Dataset related to article "Pancreatic neuroendocrine tumor progression and resistance to everolimus: the crucial role of NF-kB and STAT3 interplay"

record contains raw data related to article " Pancreatic neuroendocrine tumor progression and resistance to everolimus: the crucial role of NF-kB and STAT3 interplay" The finding of mTOR overactivation in patients affected by pancreatic neuroendocrine tumors (Pa-NETs) led to their treatment with the mTOR inhibitor everolimus. Unfortunately, the efficacy of everolimus is restricted by the occurrence of resistance. The mechanisms leading to Pa-NETs' progression and resistance are not well understood. Notably, chronic inflammation is implicated in NET development. NF-kB is involved in inflammation and drug resistance mechanisms through the activation of several mediators, including STAT3. In this respect, NF-κB and STAT3 interaction is implicated in the crosstalk between inflammatory and tumor cells. We found that the increased expression of NF-kB is correlated with a higher grade in Pa-NETs. The activation of the STAT3 pathway induced by TNFα is mediated by NF-kB p65. NF-kB p65 and STAT3 inhibitors decrease QGP-1 viability, spheroids growth, and Pa-NETs cell proliferation.
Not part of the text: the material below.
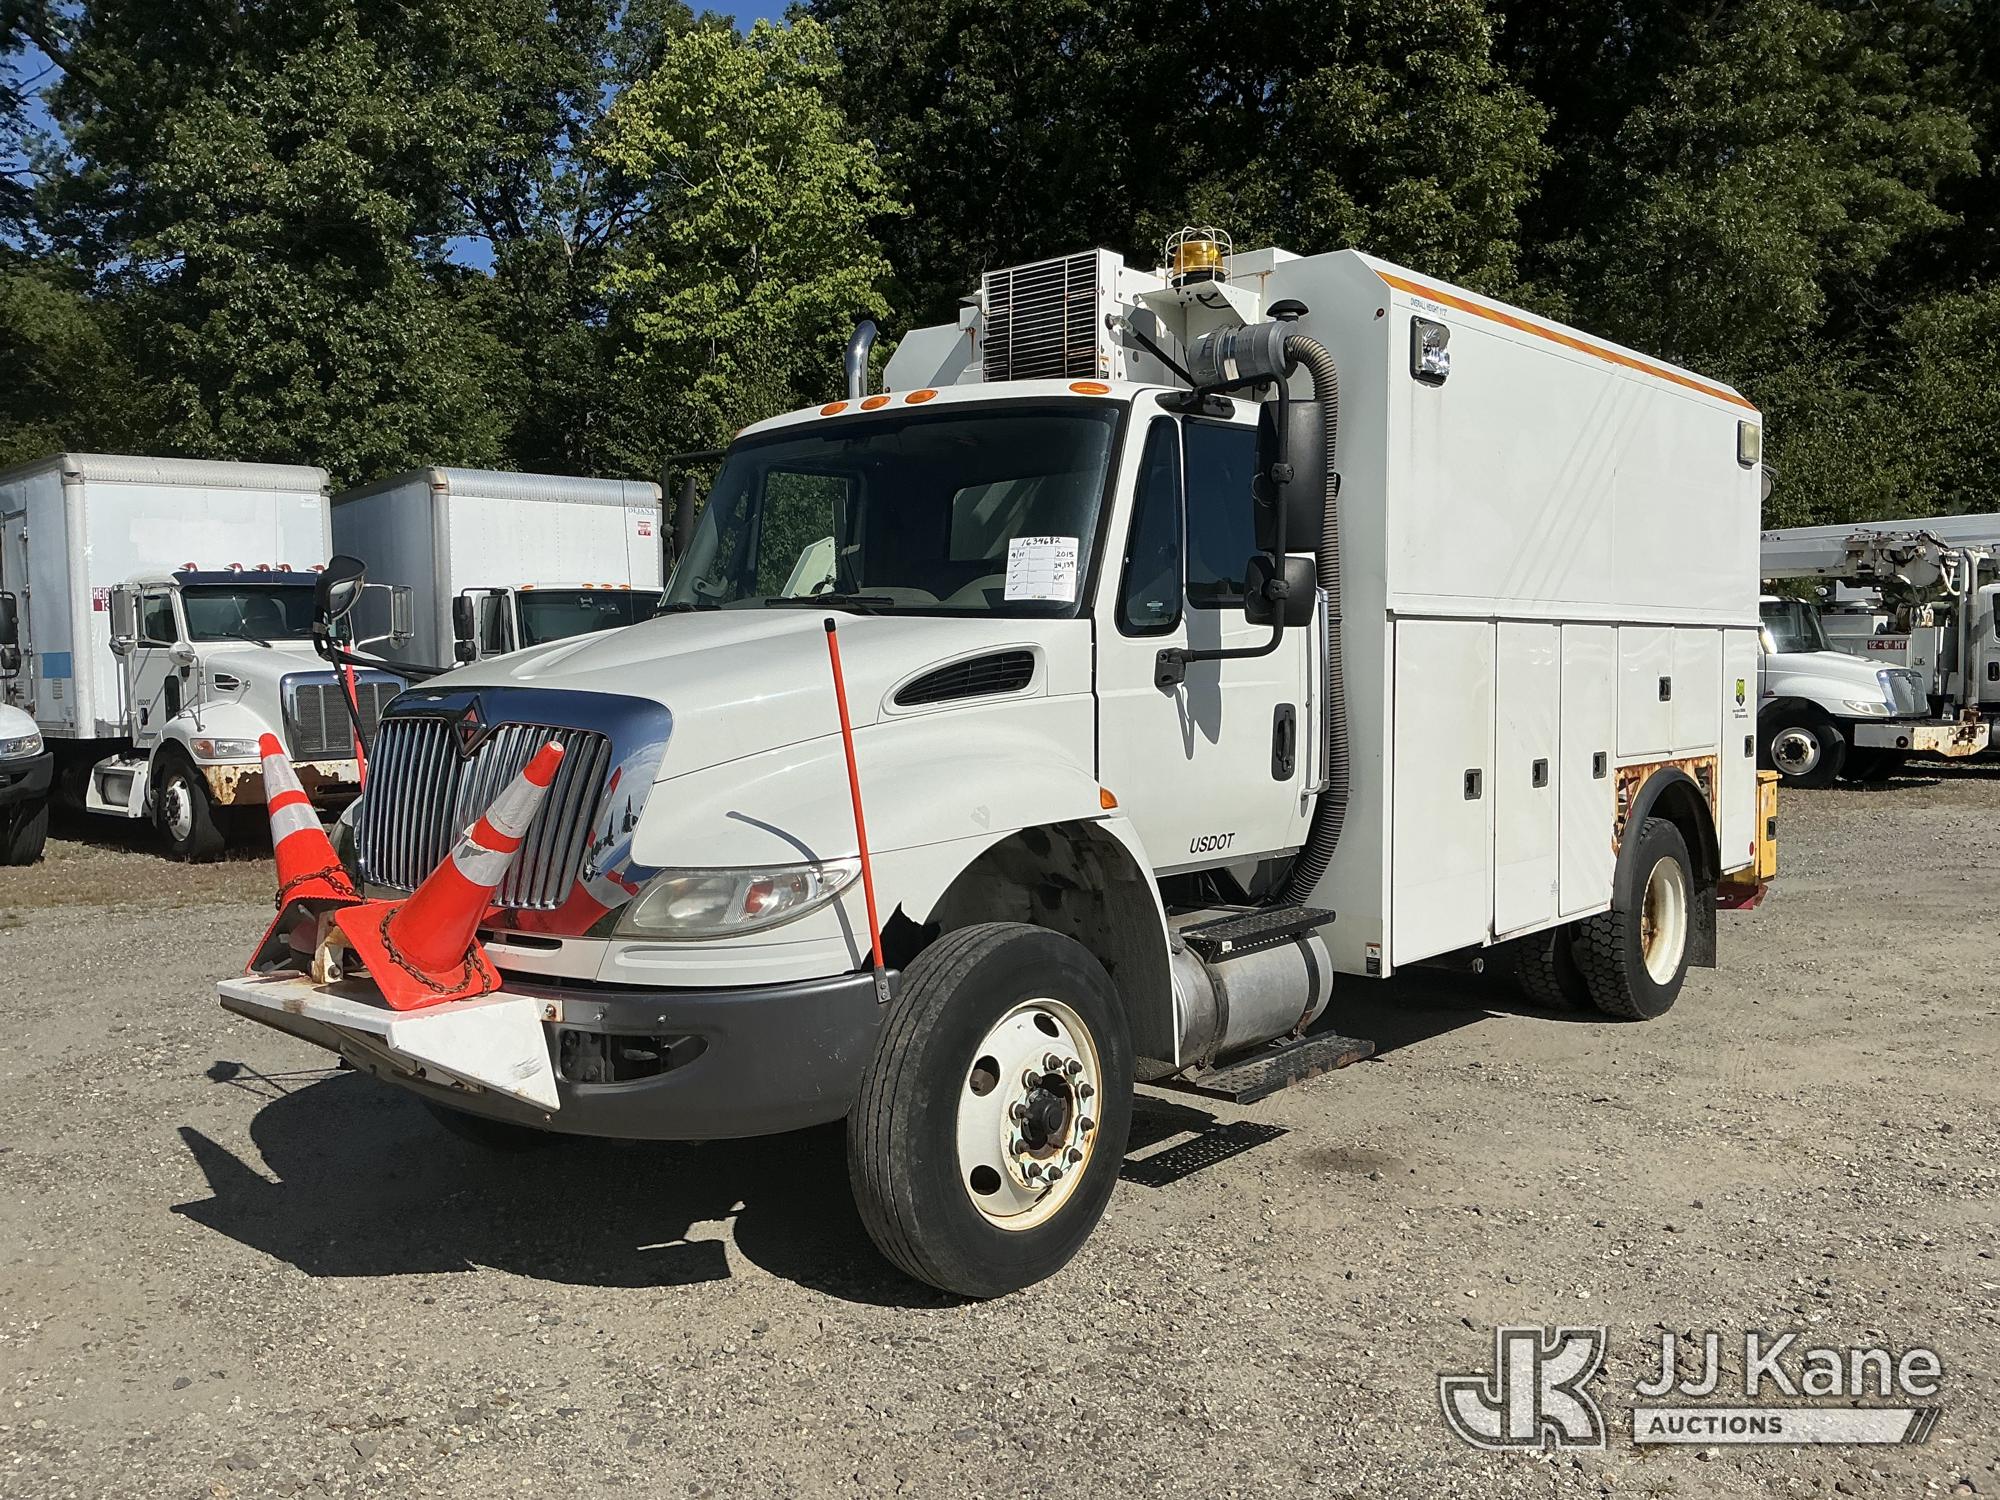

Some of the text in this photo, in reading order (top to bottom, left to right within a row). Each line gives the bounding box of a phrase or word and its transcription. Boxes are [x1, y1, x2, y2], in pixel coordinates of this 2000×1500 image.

These effects are maintained in everolimus-resistant QGP-1R cells. Interestingly, we found that NF-kB, STAT3, IL-8, and SOCS3 are overexpressed in QGP-1R compared to QGP-1. Since the NF-kB pathway is implicated in Pa-NETs’ progression and resistance to everolimus, these data could explain the potential use of NF-kB as a novel therapeutic target in Pa-NET patients.